Rapid bacterial evaluation beyond the colony forming unit in osteomyelitis

Summary:

This work shows, based on basic laboratory investigations of in vitro grown bacteria as well as human bone samples, that conventional bacterial culture can substantially underrepresent the quantity of bacteria in infected tissues. This has often been mentioned in the literature, however, relatively limited data has been provided to date. This manuscript compares culture to a digital droplet PCR approach, which consistently showed greater levels of bacteria across the experiments (and for two different strains).

Strengths:

Consistency of findings across in vitro experiments and clinical biopsies. There are real-world clinical implications for the findings of this study.

Weaknesses:

No major weaknesses. Only 3 human samples were analyzed, although the results are compelling.

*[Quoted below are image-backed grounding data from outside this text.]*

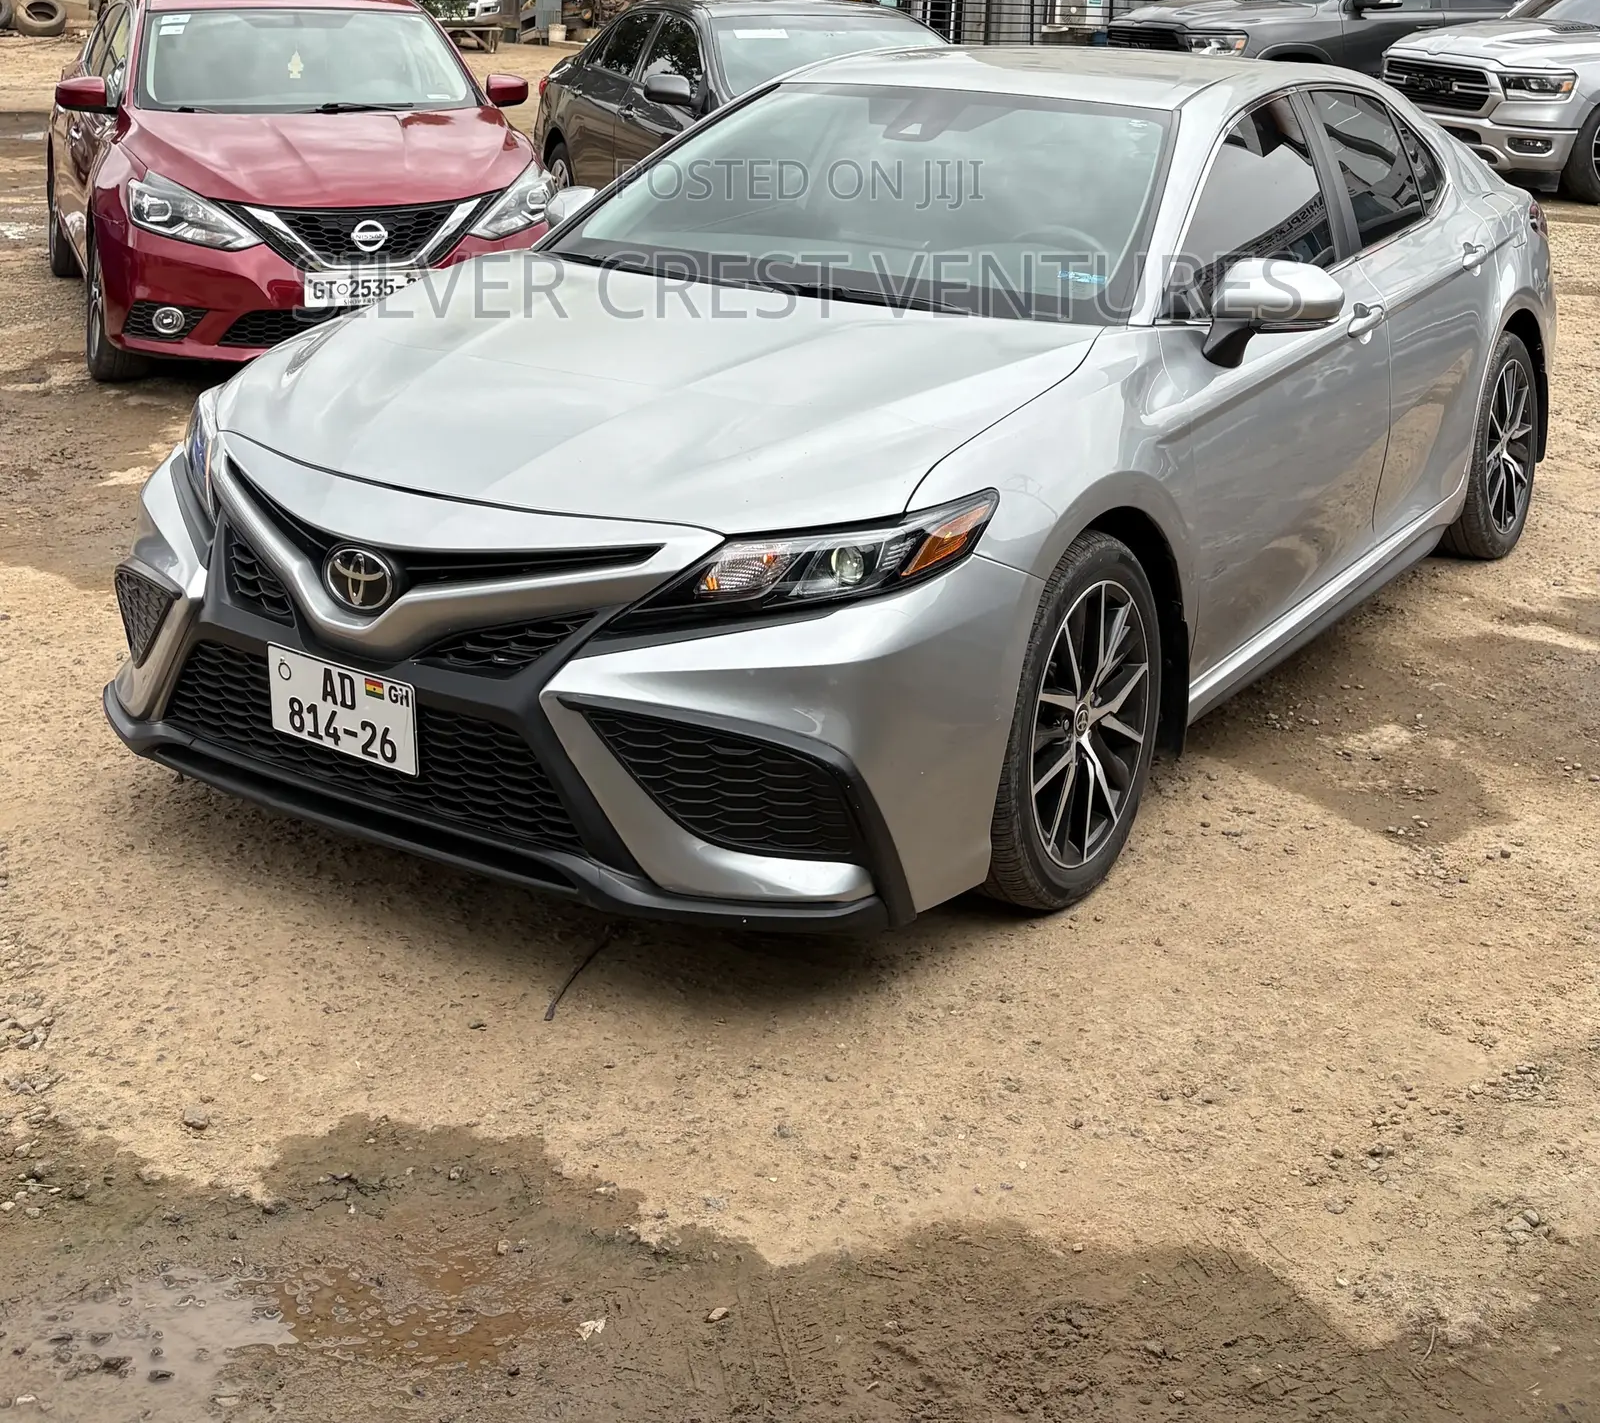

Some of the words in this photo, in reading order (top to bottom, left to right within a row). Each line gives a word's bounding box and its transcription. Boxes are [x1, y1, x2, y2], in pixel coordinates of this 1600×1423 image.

[312, 280, 337, 299] GT
[349, 277, 421, 298] 2535-
[322, 667, 356, 710] AD
[388, 685, 410, 708] GH
[288, 696, 397, 764] 814-26
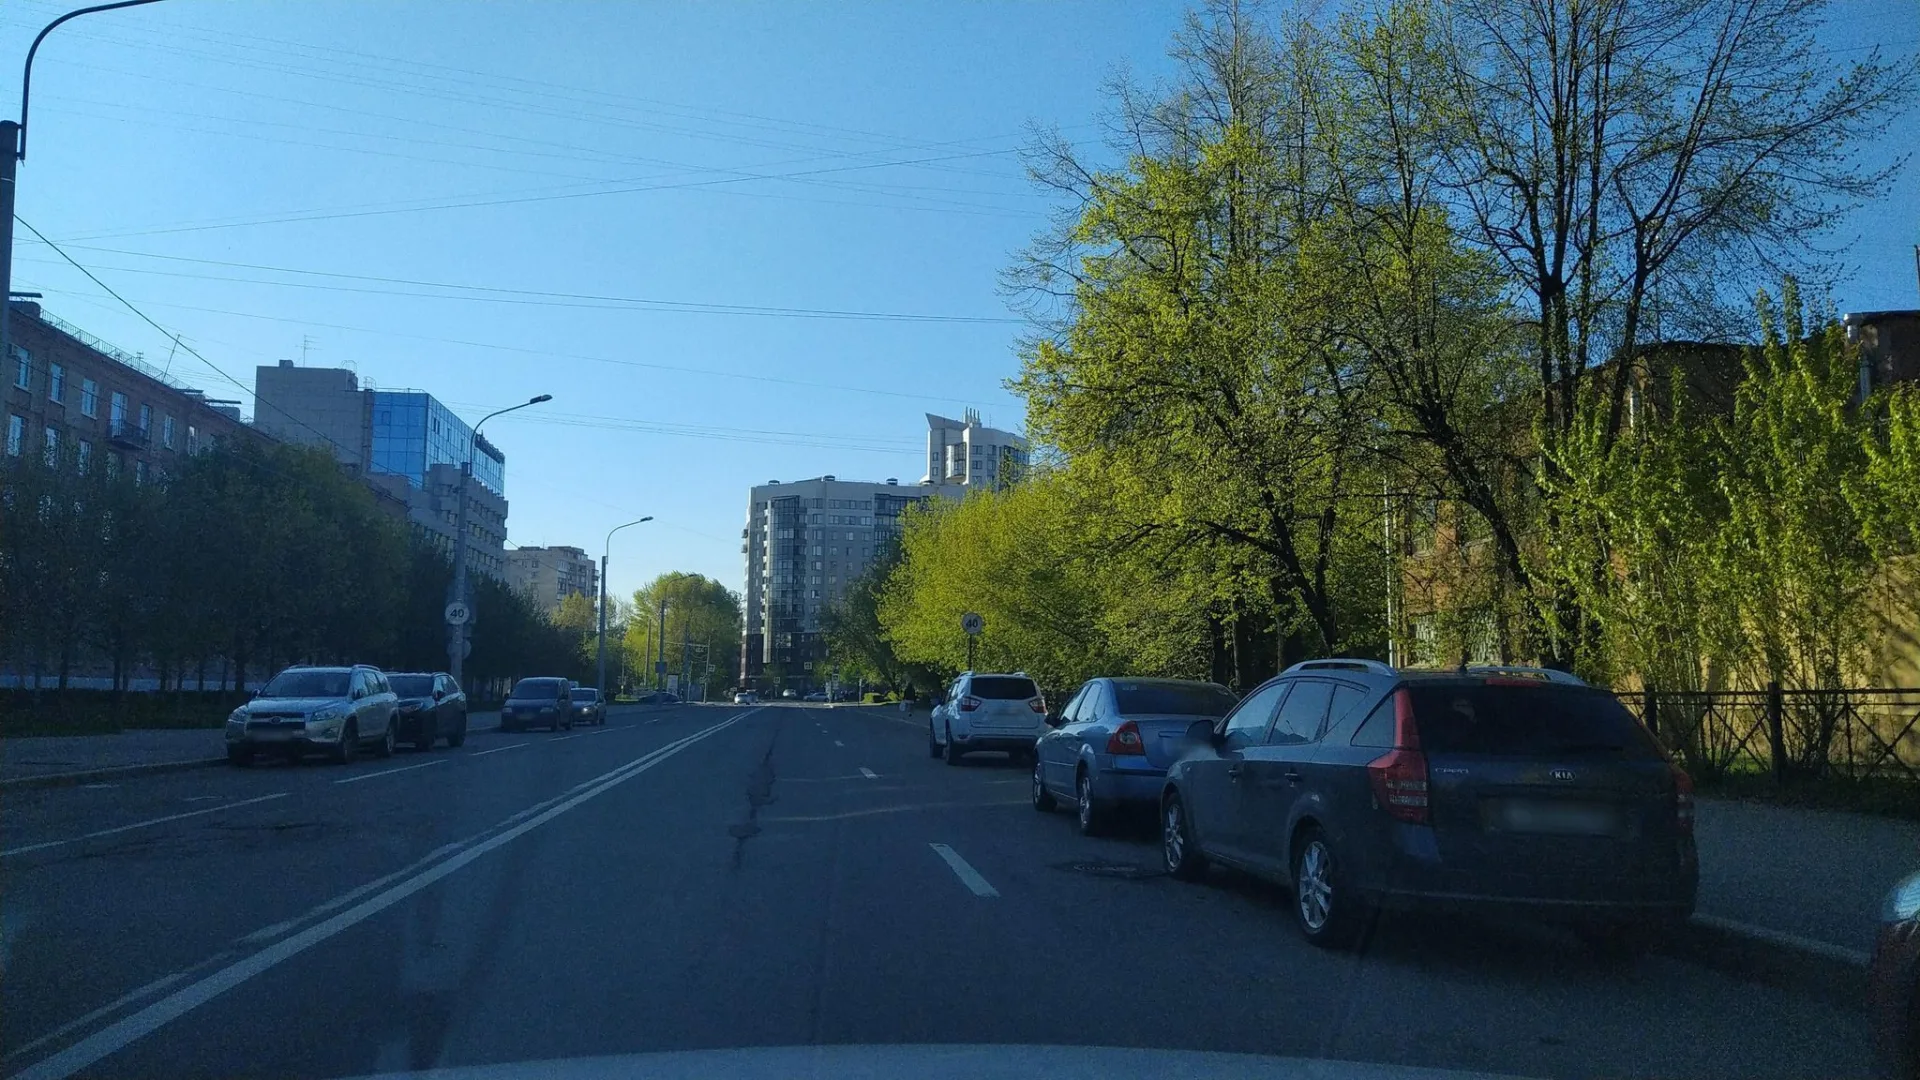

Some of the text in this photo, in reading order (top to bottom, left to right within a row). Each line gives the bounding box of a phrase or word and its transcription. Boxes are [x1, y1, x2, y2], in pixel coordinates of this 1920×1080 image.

In this study, the authors address discrepancies in determining the local bacterial burden in osteomyelitis between that determined by culture and enumeration by DNA-directed assay. Discrepancies between culture and other means of bacterial enumeration are long established and highlighted by Staley and Konopka's classic, "The great plate count anomaly" (1985). Here, the authors first present data demonstrating the emergence of discrepancies between CFU counts and genome copy numbers detected by PCR in S. aureus strains infecting osteocyte-like cells. They go on to demonstrate PCR evidence that S. aureus can be detected in bone samples from sites meeting a widely accepted clinico-pathological definition of osteomyelitis. They conclude their approach offers advantages in quantifying intracellular bacterial load in their in vitro "co-culture" system.

WEAKNESSES

(A) My main concern here is the significance of these results outside the model osteocyte system used by this group. Although they carefully avoid over-interpreting their results, there is a strong undercurrent suggesting their approach could enhance aetiologic diagnosis in osteomyelitis and that enumeration of the infecting pathogen might have clinical value. In the first place molecular diagnostics such as 16S rDNA-directed PCR are well established in identifying pathogens that don't grow. Secondly, it is hard to see how enumeration could have value beyond in vitro and animal model studies since serial samples will rarely be available from clinical cases.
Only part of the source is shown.